Department of Medicine, Division of Digestive Diseases and Nutrition, Rush University Medical Center, 1725 W. Harrison, Chicago, IL 60612, USA.
Alcoholism Clinical and Experimental Research (Impact Factor: 3.31). 04/2011; 35(7):1305-14. DOI: 10.1111/j.1530-0277.2011.01466.x
Source: PubMed

ABSTRACT Several studies have indicated that endotoxemia is the required co-factor for alcoholic steatohepatitis (ASH) that is seen in only about 30% of alcoholics. Recent studies have shown that gut leakiness that occurs in a subset of alcoholics is the primary cause of endotoxemia in ASH. The reasons for this differential susceptibility are not known. Since disruption of circadian rhythms occurs in some alcoholics and circadian genes control the expression of several genes that are involved in regulation of intestinal permeability, we hypothesized that alcohol induces intestinal hyperpermeability by stimulating expression of circadian clock gene proteins in the intestinal epithelial cells.

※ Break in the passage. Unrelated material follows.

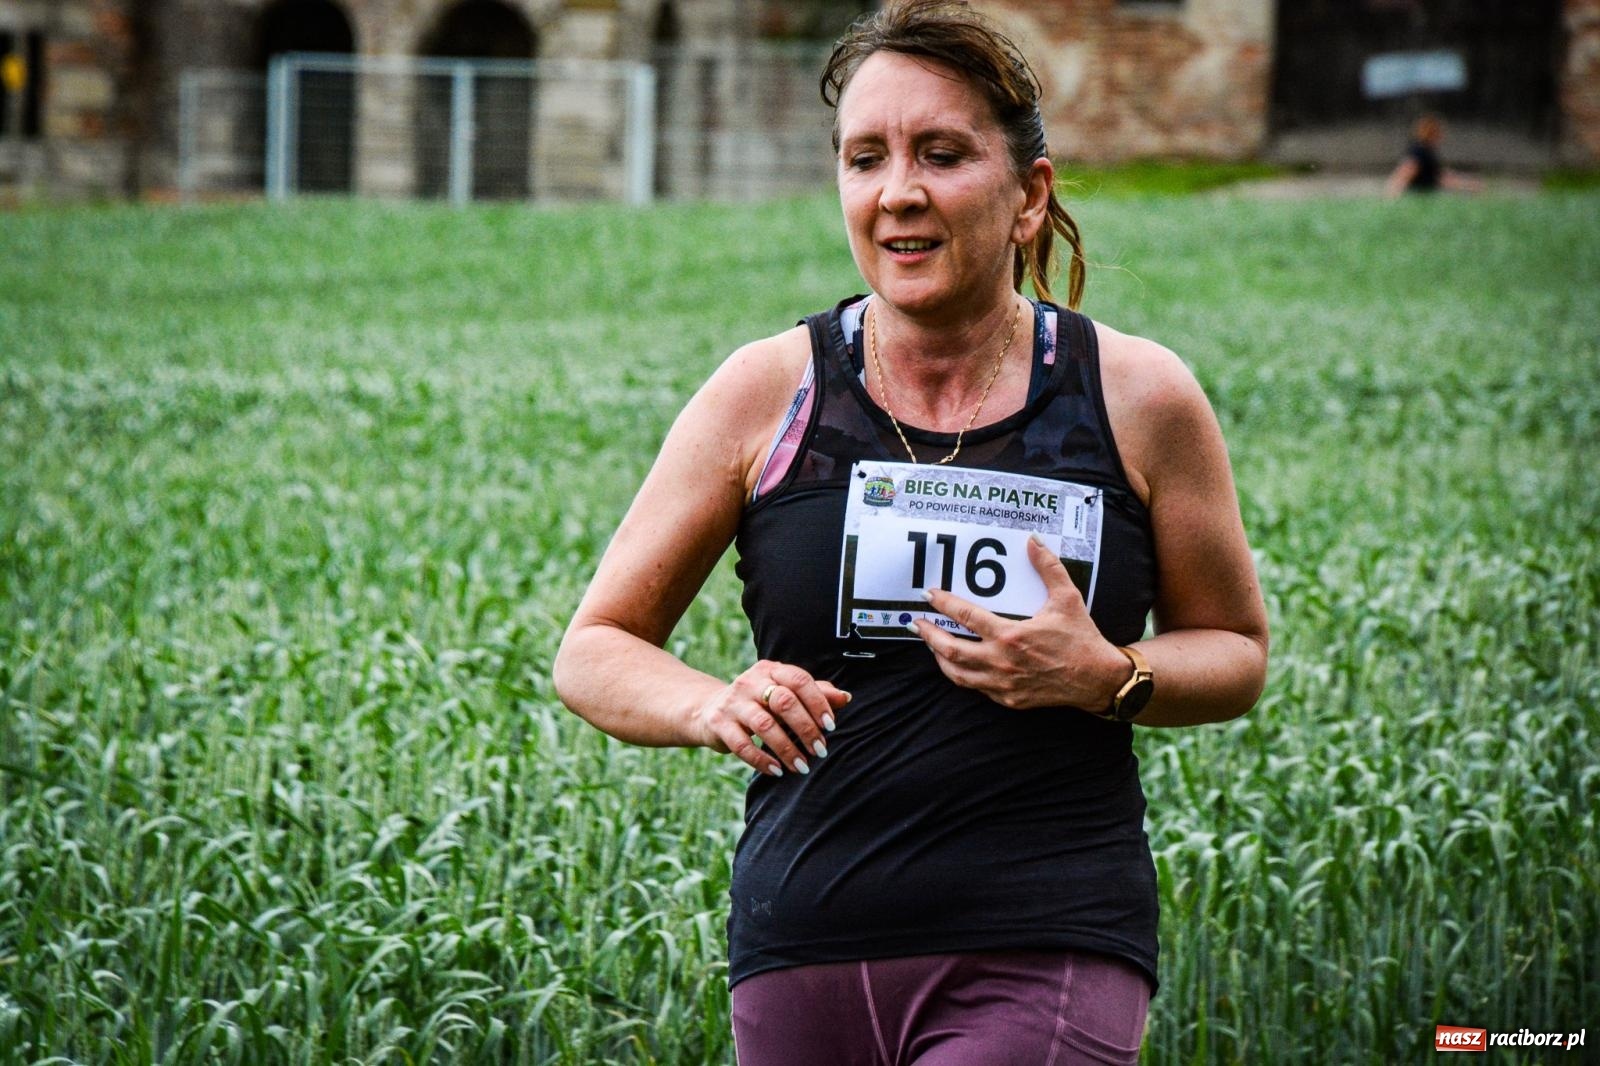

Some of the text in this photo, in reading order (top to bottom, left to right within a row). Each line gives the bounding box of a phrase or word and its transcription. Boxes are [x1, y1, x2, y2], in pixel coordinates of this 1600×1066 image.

We used Caco-2 monolayers grown on culture inserts as an in vitro model of intestinal permeability and performed Western blotting, permeability, and siRNA inhibition studies to examine the role of Clock and Per2 circadian genes in alcohol-induced hyperpermeability. We also measured PER2 protein levels in intestinal mucosa of alcohol-fed rats with intestinal hyperpermeability.
Alcohol, as low as 0.2%, induced time dependent increases in both Caco-2 cell monolayer permeability and in CLOCK and PER2 proteins. SiRNA specific inhibition of either Clock or Per2 significantly inhibited alcohol-induced monolayer hyperpermeability. Alcohol-fed rats with increased total gut permeability, assessed by urinary sucralose, also had significantly higher levels of PER2 protein in their duodenum and proximal colon than control rats.
Our studies: (i) demonstrate a novel mechanism for alcohol-induced intestinal hyperpermeability through stimulation of intestinal circadian clock gene expression, and (ii) provide direct evidence for a central role of circadian genes in regulation of intestinal permeability.